Having read Arcadia and seen Rosencrantz and Guildenstern are dead, and enjoyed them, I jumped at the chance to pick this up in a charity shop. This volume covers The Real Inspector Hound, After Magritte, Dirty Linen, New-Found-Land, and Dogg's Hamlet, Cahoot's Macbeth.
It's rather interesting to see the path connecting Rosencrantz and Guildenstern to Arcadia. The former is heavy on the wordplay, a bit Beckett, not really driven by plot or people, but really about ideas. Despite what non-scientists say, Arcadia is easy to follow, and has a lot more to do with plot and people, and is still really about ideas. Both feel serious in their own way. What happened in-between?
The plays in this book are, well, playful. If not downright silly. The Real Inspector Hound is a deliberately rubbish murder mystery mixed in with the story of the theatre critics.
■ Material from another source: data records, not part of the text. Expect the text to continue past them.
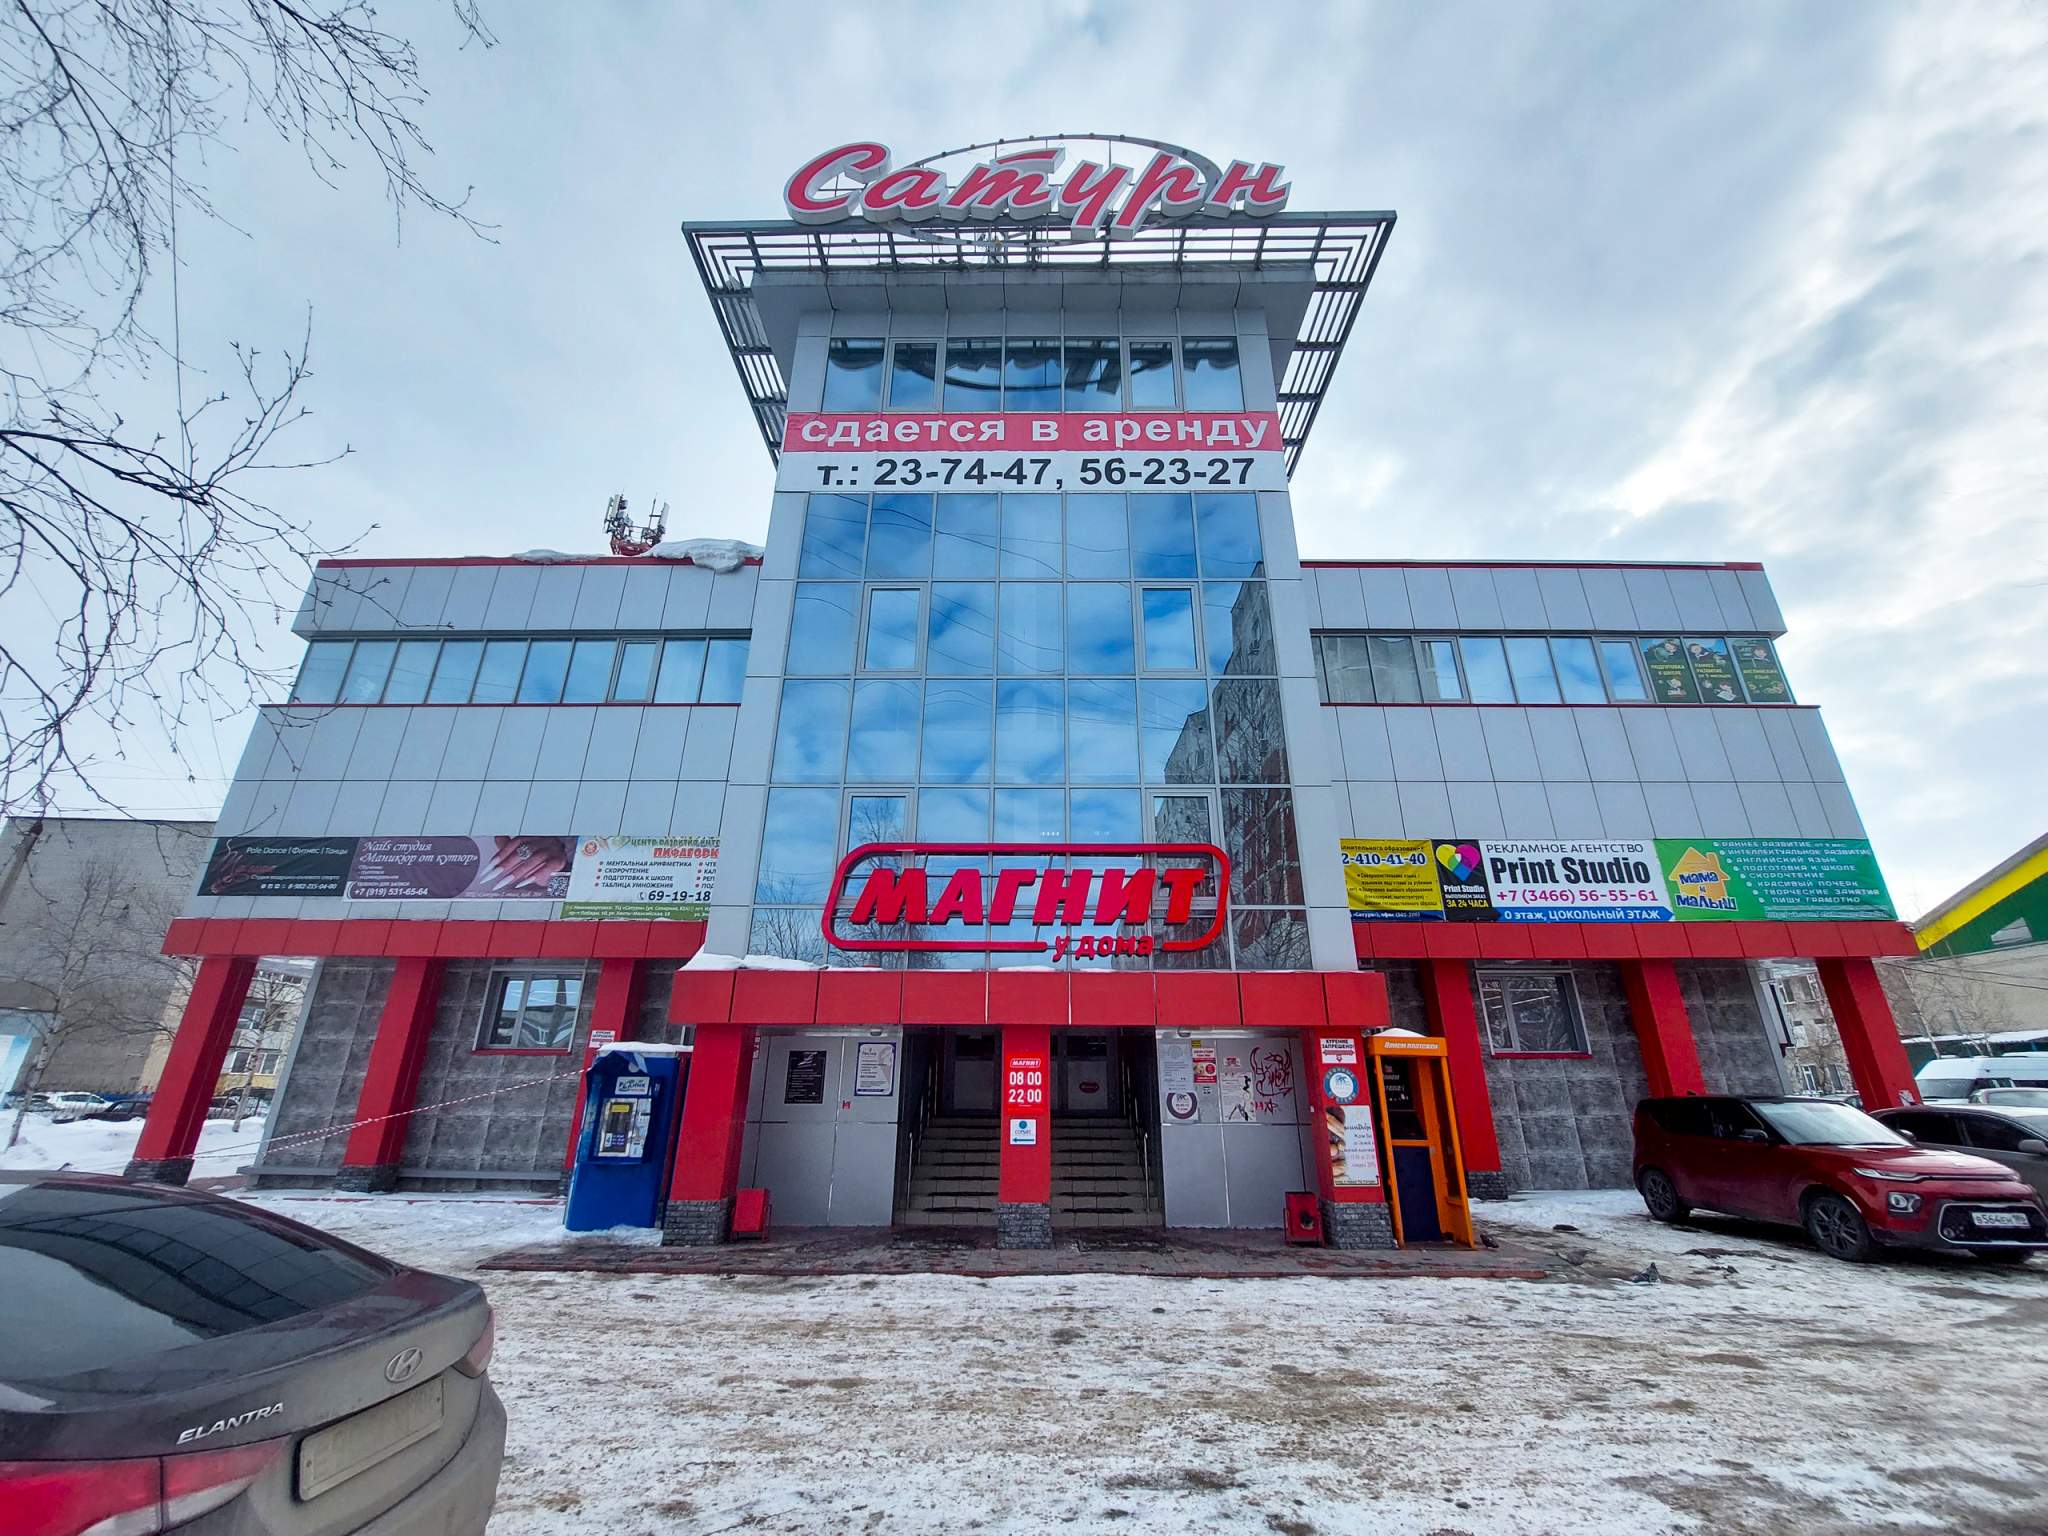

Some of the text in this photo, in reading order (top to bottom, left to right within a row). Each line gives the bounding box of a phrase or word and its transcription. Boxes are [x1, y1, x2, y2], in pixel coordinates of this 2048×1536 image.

[784, 140, 1292, 241] Сатурн
[801, 418, 1270, 448] сдается в аренду
[876, 458, 1064, 490] 23-74-47,
[1080, 457, 1256, 486] 56-23-27
[263, 846, 287, 854] Dance
[363, 840, 433, 854] Nails студия
[1486, 843, 1644, 854] РЕКЛАМНОЕ АГЕНТСТВО
[1489, 856, 1651, 884] Print Studio
[366, 887, 387, 897] (919)
[388, 887, 429, 896] 531-65-64
[1443, 884, 1462, 892] Print
[648, 890, 711, 901] 69-19-18
[849, 868, 1206, 926] МАГНИТ
[1497, 889, 1658, 905] +7 (3466) 56-55-61
[1446, 899, 1489, 908] ЗА 24 ЧАСА
[1513, 911, 1547, 921] этаж,
[1548, 909, 1619, 922] ЦОКОЛЬНЫЙ
[1622, 910, 1661, 920] ЭТАЖ
[1052, 934, 1155, 962] у дома
[1009, 1071, 1042, 1086] 08 00
[1008, 1089, 1042, 1103] 22 00
[176, 1401, 284, 1446] ELANTRA
People love plays about plays. Stoppard views this as paired with After Magritte, which is a rather silly play about people explaining impossibly unlikely situations, with a side-helping of how different people can see the same event differently. Not that deep, but pretty fun.
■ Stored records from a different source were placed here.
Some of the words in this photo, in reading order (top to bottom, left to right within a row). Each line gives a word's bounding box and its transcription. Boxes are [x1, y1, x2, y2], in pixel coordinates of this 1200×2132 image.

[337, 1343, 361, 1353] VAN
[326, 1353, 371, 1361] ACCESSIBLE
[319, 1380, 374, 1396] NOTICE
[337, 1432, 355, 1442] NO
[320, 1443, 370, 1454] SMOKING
Dirty Linen/New-Found-Land takes a rather different tack, being about MPs and civil servants in the houses of parliament. The former is about sex-scandals in the houses of parliament, a play of the slightly seaside postcard type (albeit rather knowingly) that feels a bit dated and heavy-handed now. New-Found-Land, dropped in the middle of Dirty Linen, is a rather funny little ode to the US, to celebrate the British naturalization of an American friend.
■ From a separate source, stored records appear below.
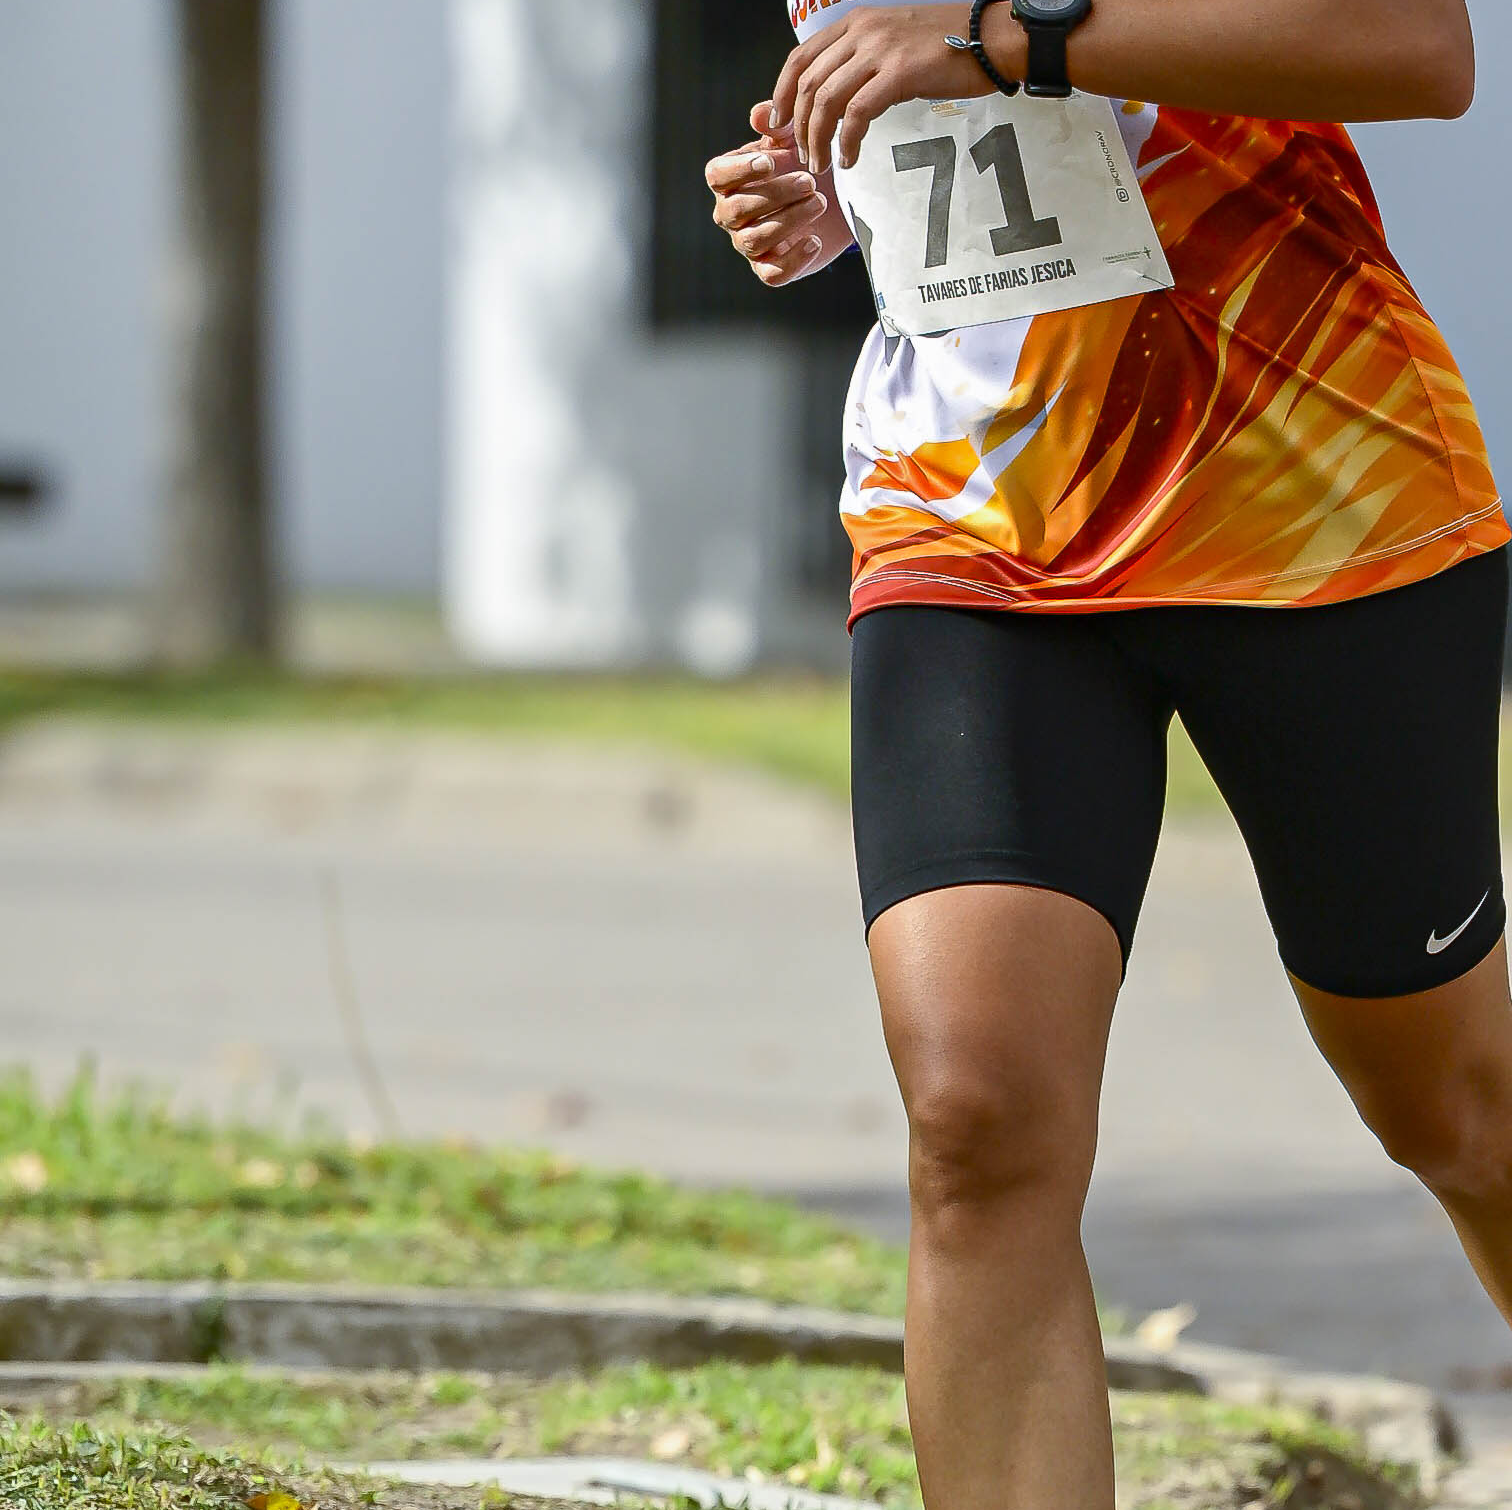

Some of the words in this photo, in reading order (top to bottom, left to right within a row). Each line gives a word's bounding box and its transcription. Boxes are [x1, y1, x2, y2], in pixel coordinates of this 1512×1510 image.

[891, 123, 1063, 268] 71
[918, 278, 968, 304] TAVARES
[968, 275, 985, 295] DE
[984, 267, 1029, 292] FARIAS
[1030, 258, 1077, 284] JESICA
This pattern of paired plays continues with Dogg's Hamlet, Cahoot's Macbeth which, while taking bits of those Shakespeare plays, is really about the idea of having two languages that overlap in words, but completely diverge in meaning. It feels a little clunky in Dogg's Hamlet, but the reprise in Cahoot's Macbeth works better for me. The latter playlet is a production of Macbeth in someone's living room, as was done under the Soviet regime when unapproved arts were repressed.
There is this theme running throughout the plays of police, inspectors, reports. Perhaps that's just the theme used to select the plays for this volume, so I'm not sure I can read much into it. Compared to Rosencrantz and Arcadia, I wasn't particularly impressed by this lot, but by the end I'd rather warmed up to them. Not everything needs to be a serious masterpiece, sometimes things can just be fun.
Posted 2022-10-09.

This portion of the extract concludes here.